DATA SHOWN |
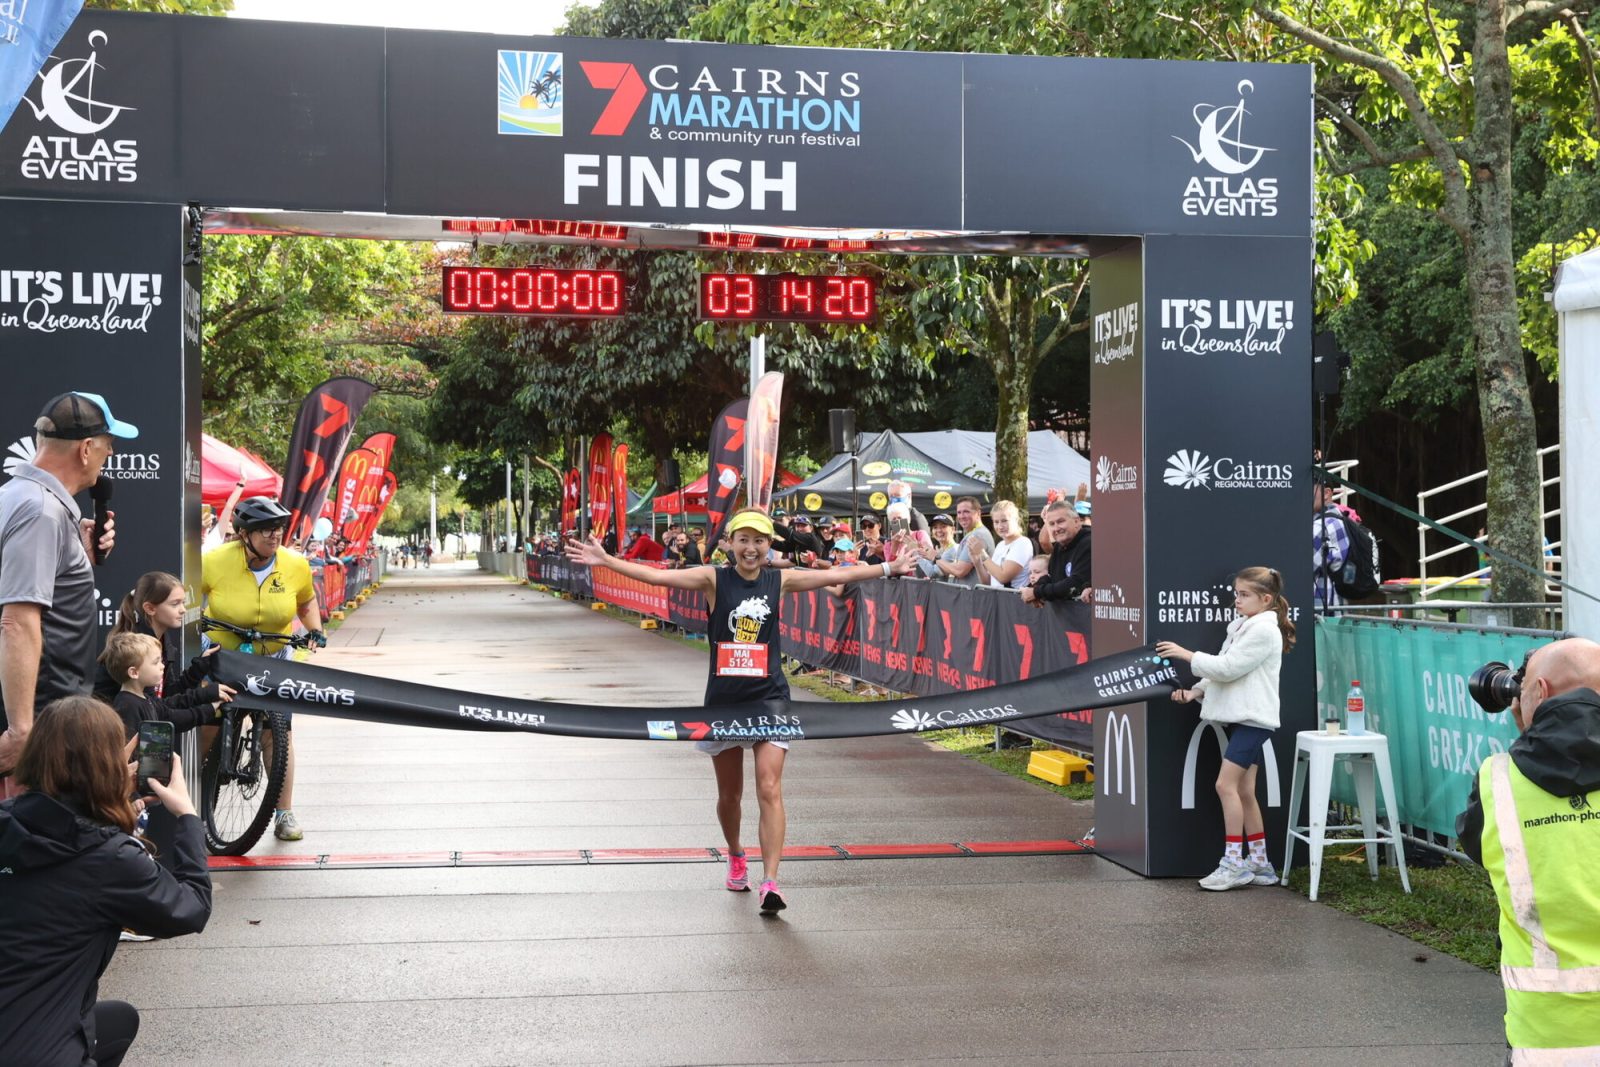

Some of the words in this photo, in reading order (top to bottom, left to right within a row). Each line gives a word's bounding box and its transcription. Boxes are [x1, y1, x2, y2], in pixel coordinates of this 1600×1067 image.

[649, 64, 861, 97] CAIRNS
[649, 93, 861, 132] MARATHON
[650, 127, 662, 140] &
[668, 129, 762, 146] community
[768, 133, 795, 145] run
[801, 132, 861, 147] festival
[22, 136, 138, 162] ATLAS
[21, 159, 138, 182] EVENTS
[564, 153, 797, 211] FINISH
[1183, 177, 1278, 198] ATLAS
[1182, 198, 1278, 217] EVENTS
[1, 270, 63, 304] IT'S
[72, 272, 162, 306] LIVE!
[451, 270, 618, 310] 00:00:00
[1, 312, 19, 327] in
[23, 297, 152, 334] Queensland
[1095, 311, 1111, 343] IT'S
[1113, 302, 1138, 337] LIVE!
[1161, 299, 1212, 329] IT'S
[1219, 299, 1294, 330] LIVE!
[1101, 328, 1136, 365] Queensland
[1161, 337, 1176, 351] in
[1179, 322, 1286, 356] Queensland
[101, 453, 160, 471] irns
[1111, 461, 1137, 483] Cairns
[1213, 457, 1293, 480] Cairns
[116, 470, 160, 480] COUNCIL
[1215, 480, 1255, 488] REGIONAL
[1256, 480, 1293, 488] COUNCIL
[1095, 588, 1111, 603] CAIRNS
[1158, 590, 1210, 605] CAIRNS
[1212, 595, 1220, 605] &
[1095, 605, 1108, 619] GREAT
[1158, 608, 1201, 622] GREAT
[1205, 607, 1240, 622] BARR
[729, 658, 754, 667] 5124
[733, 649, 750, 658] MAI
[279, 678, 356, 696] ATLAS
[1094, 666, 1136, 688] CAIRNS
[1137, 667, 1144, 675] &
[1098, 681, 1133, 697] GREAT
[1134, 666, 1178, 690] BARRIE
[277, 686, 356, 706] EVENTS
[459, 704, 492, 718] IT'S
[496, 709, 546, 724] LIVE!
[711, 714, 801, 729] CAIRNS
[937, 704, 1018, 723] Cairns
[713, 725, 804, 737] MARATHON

YOUR GOAL | Write out the data above precisely. Pictures stay out.

ANSWER SPACE |
Some of the words in this photo, in reading order (top to bottom, left to right within a row). Each line gives a word's bounding box and its transcription. Boxes are [x1, y1, x2, y2], in pixel coordinates of this 1600×1067 image.

[649, 64, 861, 97] CAIRNS
[649, 93, 861, 132] MARATHON
[650, 127, 662, 140] &
[668, 129, 762, 146] community
[768, 133, 795, 145] run
[801, 132, 861, 147] festival
[22, 136, 138, 162] ATLAS
[21, 159, 138, 182] EVENTS
[564, 153, 797, 211] FINISH
[1183, 177, 1278, 198] ATLAS
[1182, 198, 1278, 217] EVENTS
[1, 270, 63, 304] IT'S
[72, 272, 162, 306] LIVE!
[451, 270, 618, 310] 00:00:00
[1, 312, 19, 327] in
[23, 297, 152, 334] Queensland
[1095, 311, 1111, 343] IT'S
[1113, 302, 1138, 337] LIVE!
[1161, 299, 1212, 329] IT'S
[1219, 299, 1294, 330] LIVE!
[1101, 328, 1136, 365] Queensland
[1161, 337, 1176, 351] in
[1179, 322, 1286, 356] Queensland
[101, 453, 160, 471] irns
[1111, 461, 1137, 483] Cairns
[1213, 457, 1293, 480] Cairns
[116, 470, 160, 480] COUNCIL
[1215, 480, 1255, 488] REGIONAL
[1256, 480, 1293, 488] COUNCIL
[1095, 588, 1111, 603] CAIRNS
[1158, 590, 1210, 605] CAIRNS
[1212, 595, 1220, 605] &
[1095, 605, 1108, 619] GREAT
[1158, 608, 1201, 622] GREAT
[1205, 607, 1240, 622] BARR
[729, 658, 754, 667] 5124
[733, 649, 750, 658] MAI
[279, 678, 356, 696] ATLAS
[1094, 666, 1136, 688] CAIRNS
[1137, 667, 1144, 675] &
[1098, 681, 1133, 697] GREAT
[1134, 666, 1178, 690] BARRIE
[277, 686, 356, 706] EVENTS
[459, 704, 492, 718] IT'S
[496, 709, 546, 724] LIVE!
[711, 714, 801, 729] CAIRNS
[937, 704, 1018, 723] Cairns
[713, 725, 804, 737] MARATHON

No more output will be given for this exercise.